The very first publication Dr. Pak reviewed, discussed the results of 4 patients that were treated In 2011. Dr. Pak stated, the “score for pain, functional rating index, and range of motion of the patients were assessed and shown to be improved along with MRI evidence of cartilage regeneration.” (Pak J., et al. 2017)

77 more patient treatments were reported in 2012, their results presented, “knee scoring scales, Tegner activity level scales, and VAS scores improved significantly in the treated group compared to the control group. No imaging studies were carried out. No major side effects were reported.” (Pak J., et al. 2017)

Furthermore, 112 patients treated in 2013 were reported by doctor Pak, he states “The patients improved on all criteria, including the cartilage whole-organ MRI scores. No serious complications were reported. They also reported the average efficacy of the regenerative treatment to be 65% at 3 months without any serious side effects and without any development of tumours. Some of the side effects reported were swelling and tendonitis.” (Pak J., et al. 2017)

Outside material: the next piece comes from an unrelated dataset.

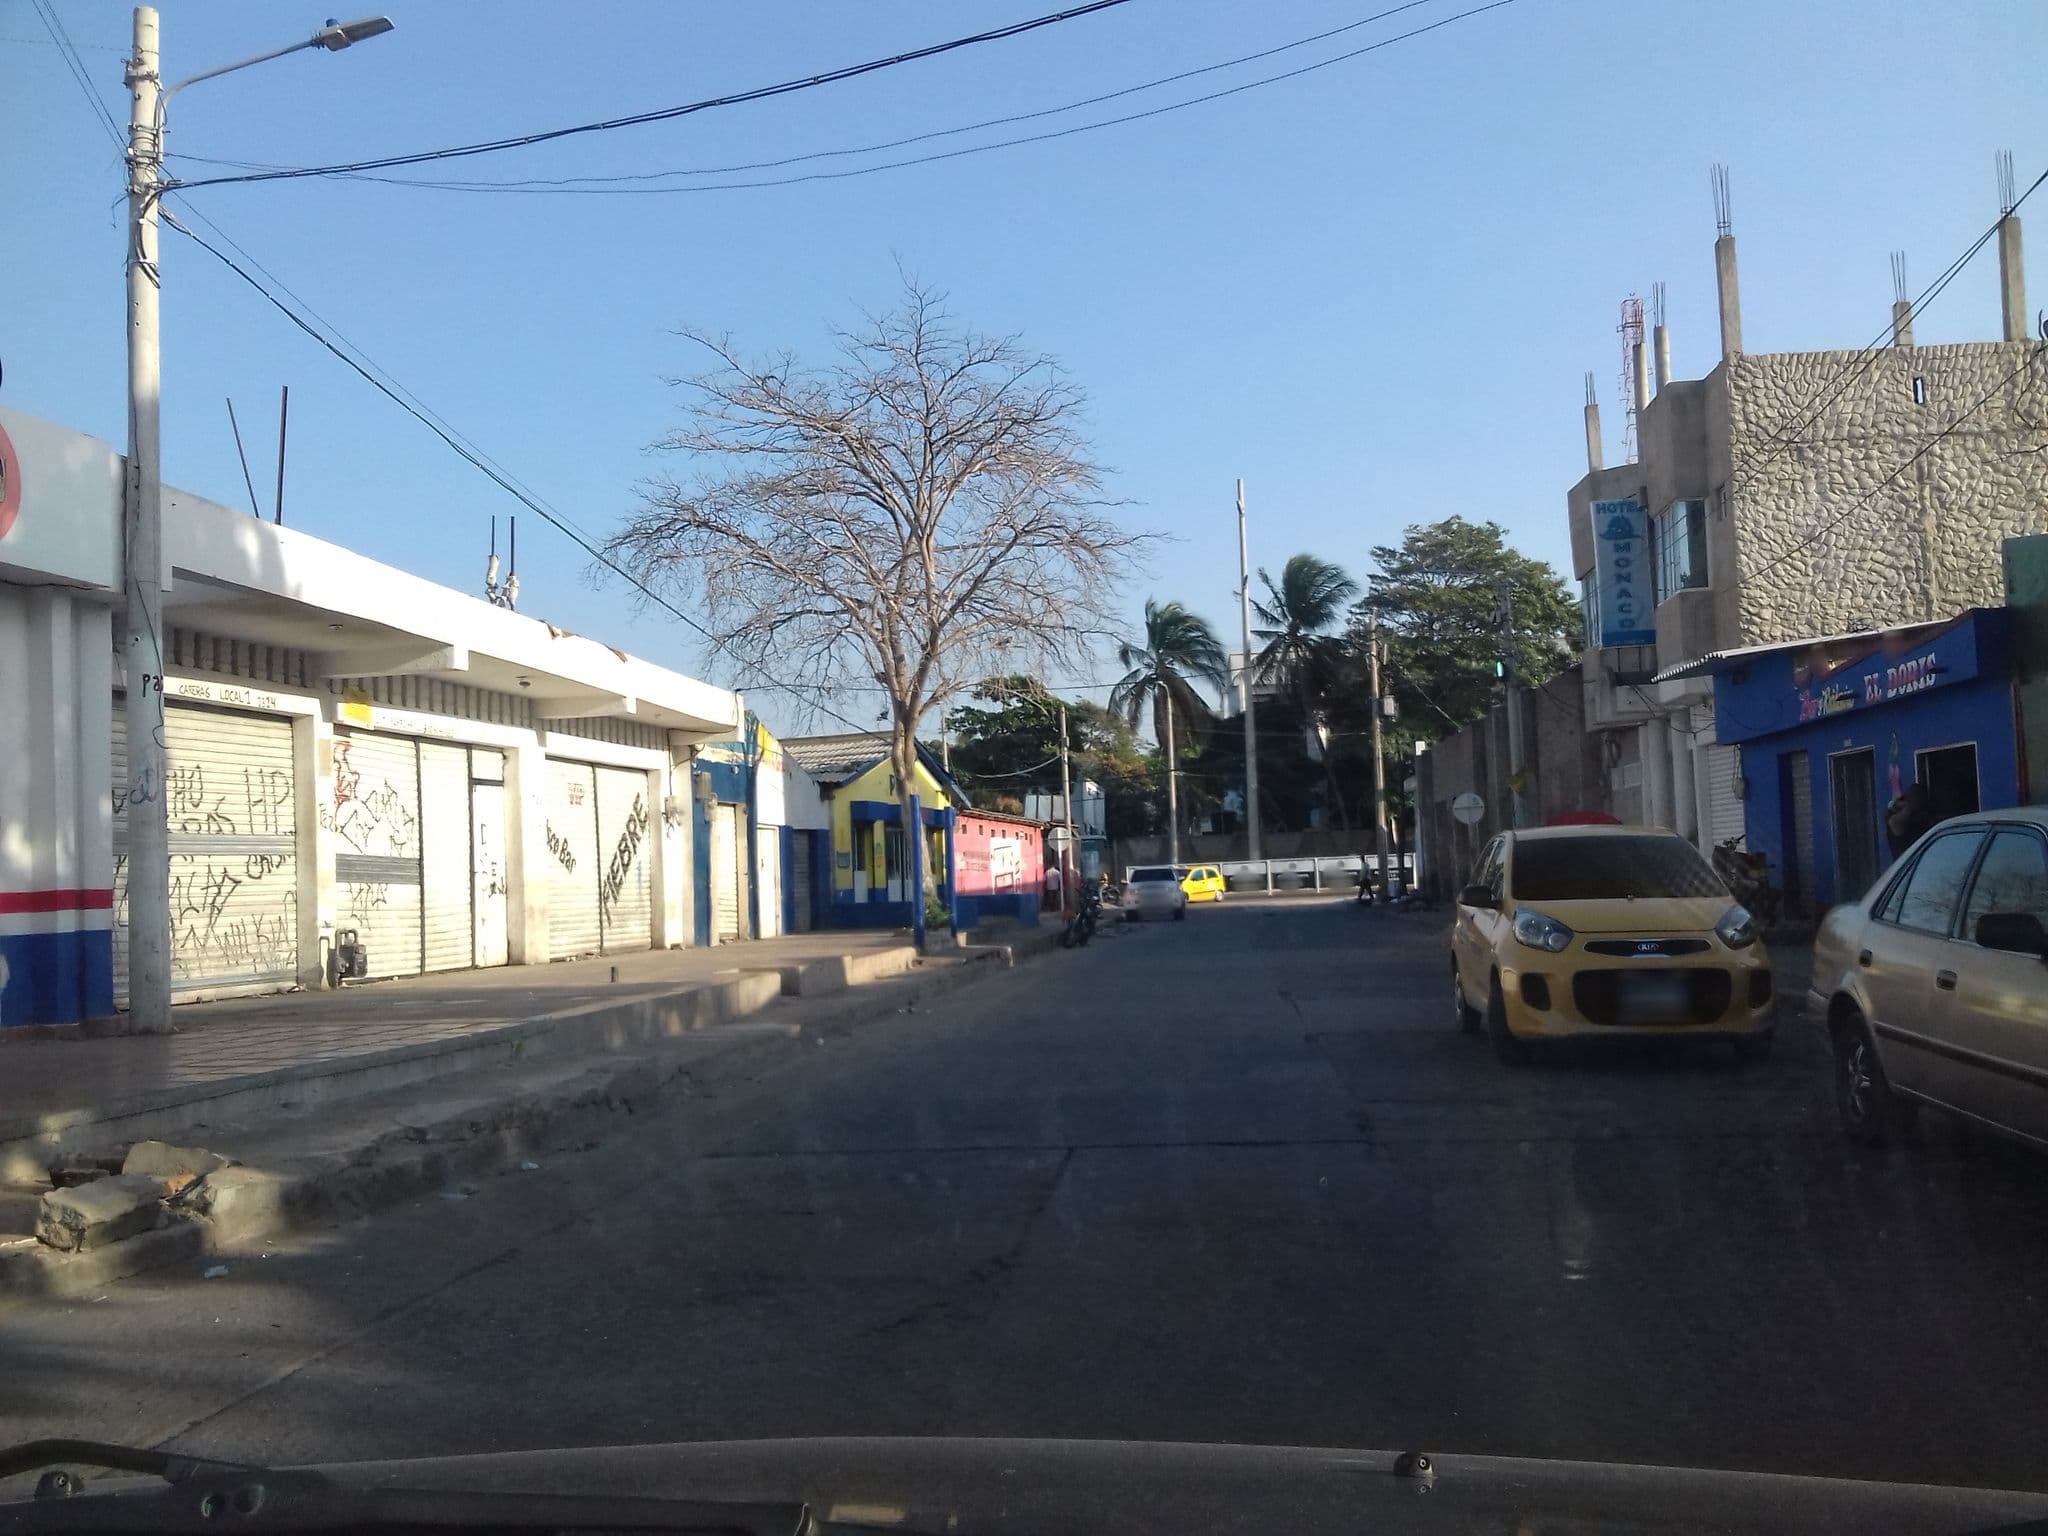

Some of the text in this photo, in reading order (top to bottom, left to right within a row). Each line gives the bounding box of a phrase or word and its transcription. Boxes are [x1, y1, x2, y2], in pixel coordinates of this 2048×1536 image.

In 2014, a total of 102 patient treatments were covered in his review. The patient’s “arthroscopic exams showed fibrocartilage regeneration”, the “Knee Documentation Committee and Tegner activity level scales significantly improved, but 76% of the patients had abnormal repair tissue observed during arthroscopy.” (Pak J., et al. 2017)

Another study performed in 2014 revealed “after 8.5 months of treatment, all 21 patients showed improved VAS pain score and the Lysholm score.” (Pak J., et al. 2017)

The largest study took place by professor Michalek in 2015, focusing on 1114 patients. The results of this study written by Dr. Pak stated, “No serious side effects were reported, and no incidents of cancer were reported. The clinical effects, measured on the basis of pain, non-steroid analgesic usage, limping, extent of joint movement, and stiffness, all improved. At 12 months after treatment, 63% of all patients reported approximately 75% symptom improvement and 91% of all patients reported approximately 50% of symptom improvement.” (Pak J., et al. 2017)

The final observation focuses on a further 73 patients that were treated in 2016. The results state “Three months after treatment, all three patients’ symptoms, measured using FRI, ROM, and VAS pain score, improved. In addition, comparison of pre-treatment and post-treatment MRI data of all three patients demonstrated cartilage-like tissue regeneration”. The patient improvement results based on their WOMAC and VAS questionnaires “were maintained at 1 year”. “No major side effects were observed.” (Pak J., et al. 2017)

Conclusion provided by Dr. Jaewoo Pak’s systematic review reveals biological methods of treatment possess “a great clinical potential to treat various orthopedic disorders as seen in human studies”.  Dr. Pak finalises his paper by stating, biological treatment approaches “may be worthwhile to try in individuals for whom medical treatment has failed and for whom surgical options are not available.” (Pak J., et al. 2017)

REF1: Bright, R. (2010). Adipose Derived Stromal Cells to Treat Joint Disease. Journal of Cosmetic Surgery & Medicine, Volume 5(Issue 3).

REF2: Pak, J., Lee, J., Park, K., Park, M., Kang, L. and Lee, S. (2017). Current use of autologous adipose tissue-derived stromal vascular fraction cells for orthopedic applications. Journal of Biomedical Science, 24(1).